WORK TO COMPLETE —
All of the records below must be reproduced exactly, minus any pictures.

ENTRIES PROVIDED —

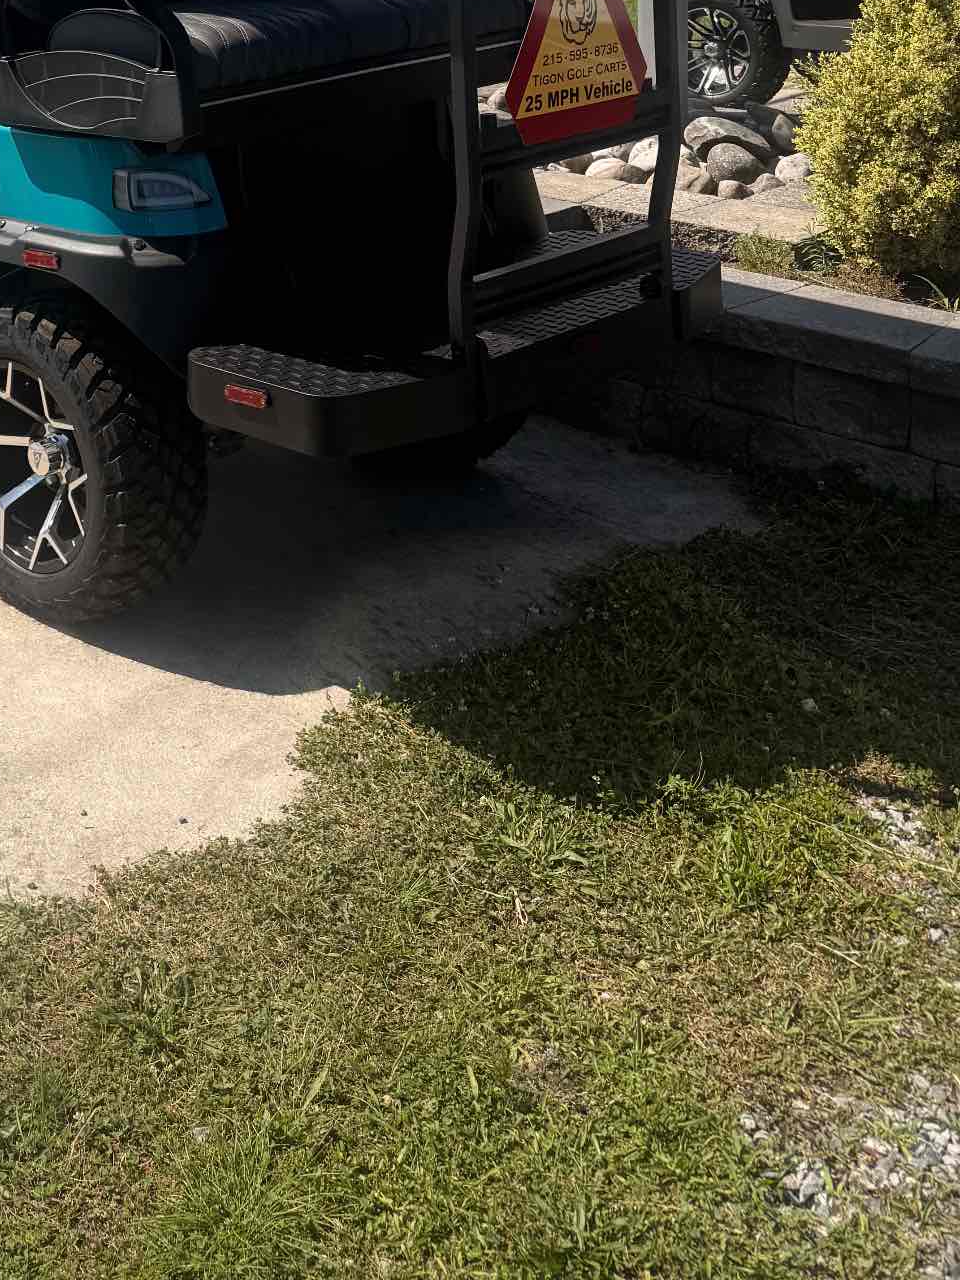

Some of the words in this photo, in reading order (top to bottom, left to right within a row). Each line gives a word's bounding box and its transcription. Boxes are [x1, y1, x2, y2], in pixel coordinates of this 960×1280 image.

[533, 74, 565, 88] TIGON
[567, 66, 594, 81] GOLF
[596, 61, 628, 76] CARTS
[525, 95, 543, 113] 25
[548, 87, 580, 108] MPH
[584, 78, 633, 100] Vehicle
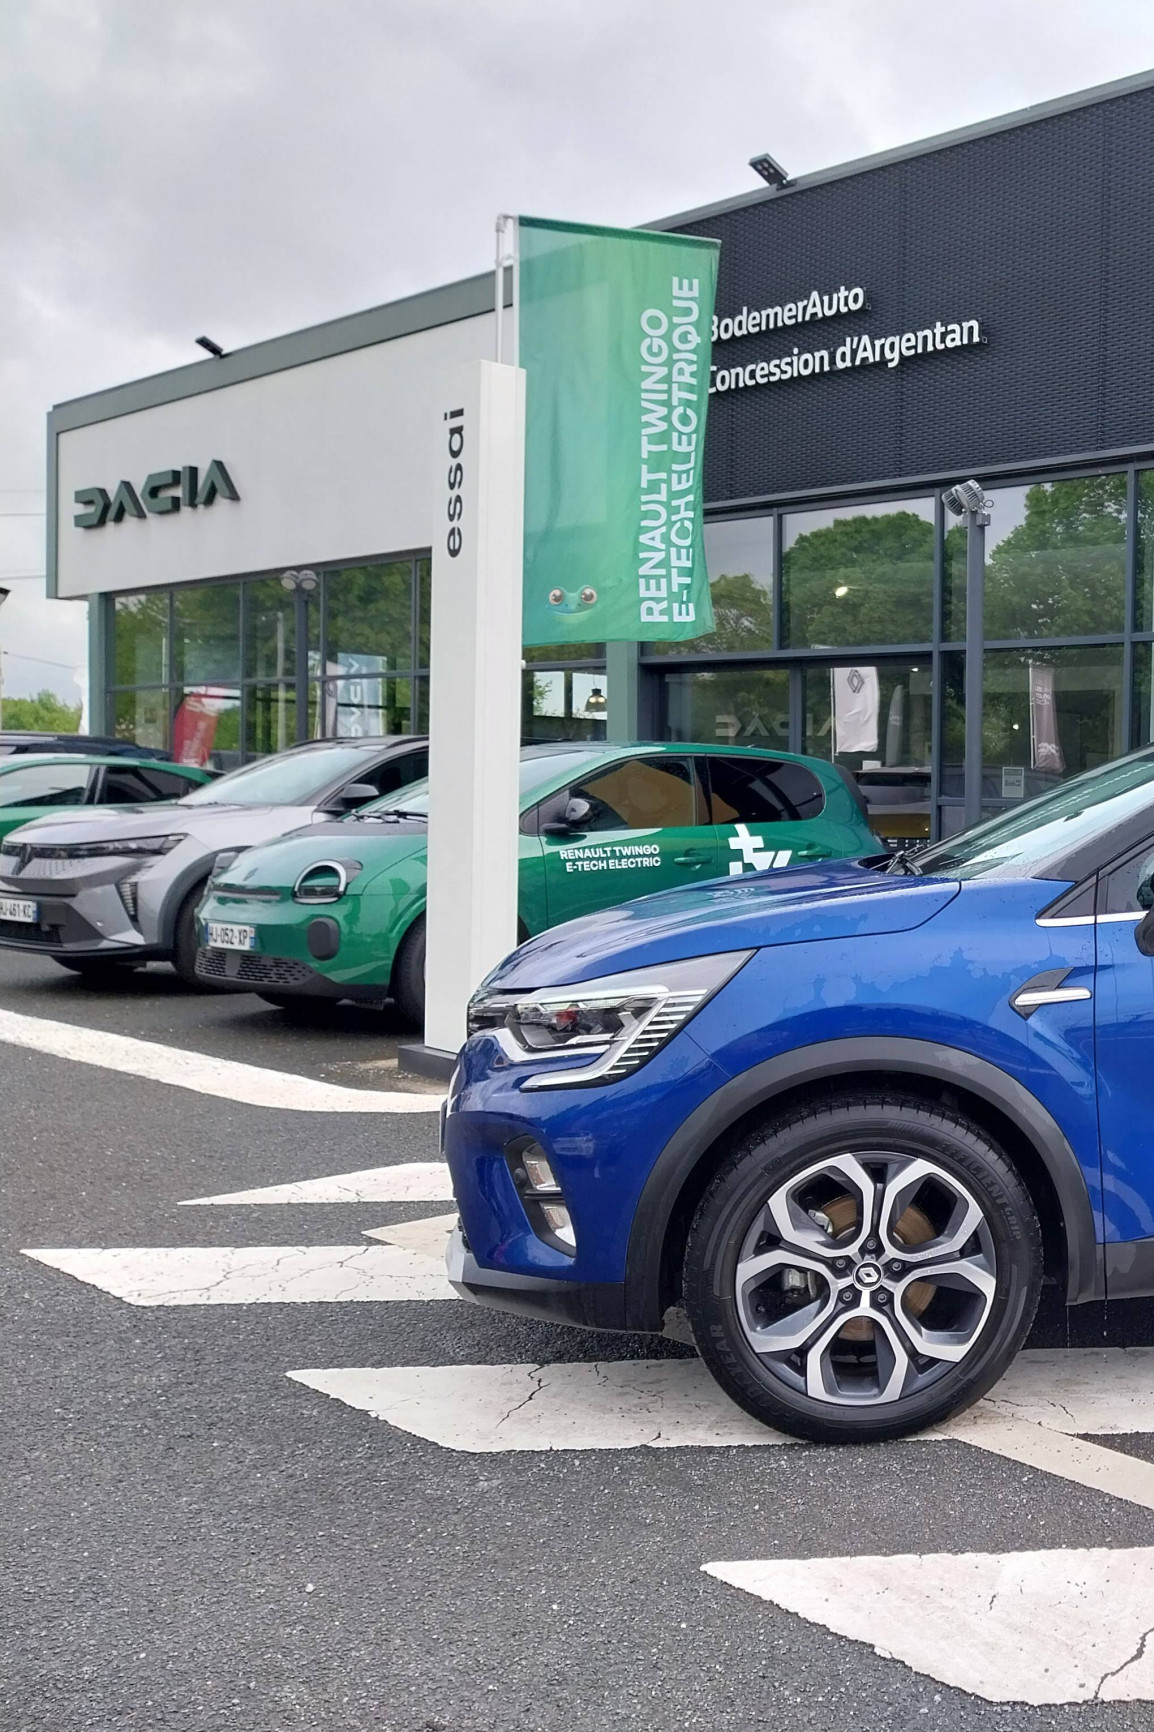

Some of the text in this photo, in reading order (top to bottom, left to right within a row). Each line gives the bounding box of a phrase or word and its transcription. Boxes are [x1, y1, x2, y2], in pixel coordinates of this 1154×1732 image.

[708, 318, 981, 394] Concession d'Argentan
[444, 408, 464, 558] essai
[639, 308, 669, 622] RENAULT TWINGO
[670, 276, 701, 622] E-TECH ELECTRIQUE
[73, 459, 241, 529] DACIA
[560, 844, 660, 860] RENAULT TWINGO
[565, 857, 661, 872] E-TECH ELECTRIC

EXERCISE OUTPUT —
Some of the words in this photo, in reading order (top to bottom, left to right within a row). Each line gives a word's bounding box and its transcription. Boxes are [x1, y1, x2, y2], in pixel coordinates of this 960×1280 image.

[533, 74, 565, 88] TIGON
[567, 66, 594, 81] GOLF
[596, 61, 628, 76] CARTS
[525, 95, 543, 113] 25
[548, 87, 580, 108] MPH
[584, 78, 633, 100] Vehicle

Some of the text in this photo, in reading order (top to bottom, left to right within a row). Each line gives the bounding box of a phrase or word and its transcription. Boxes are [x1, y1, x2, y2], in pixel coordinates of this 1154×1732 image.

[708, 318, 981, 394] Concession d'Argentan
[444, 408, 464, 558] essai
[639, 308, 669, 622] RENAULT TWINGO
[670, 276, 701, 622] E-TECH ELECTRIQUE
[73, 459, 241, 529] DACIA
[560, 844, 660, 860] RENAULT TWINGO
[565, 857, 661, 872] E-TECH ELECTRIC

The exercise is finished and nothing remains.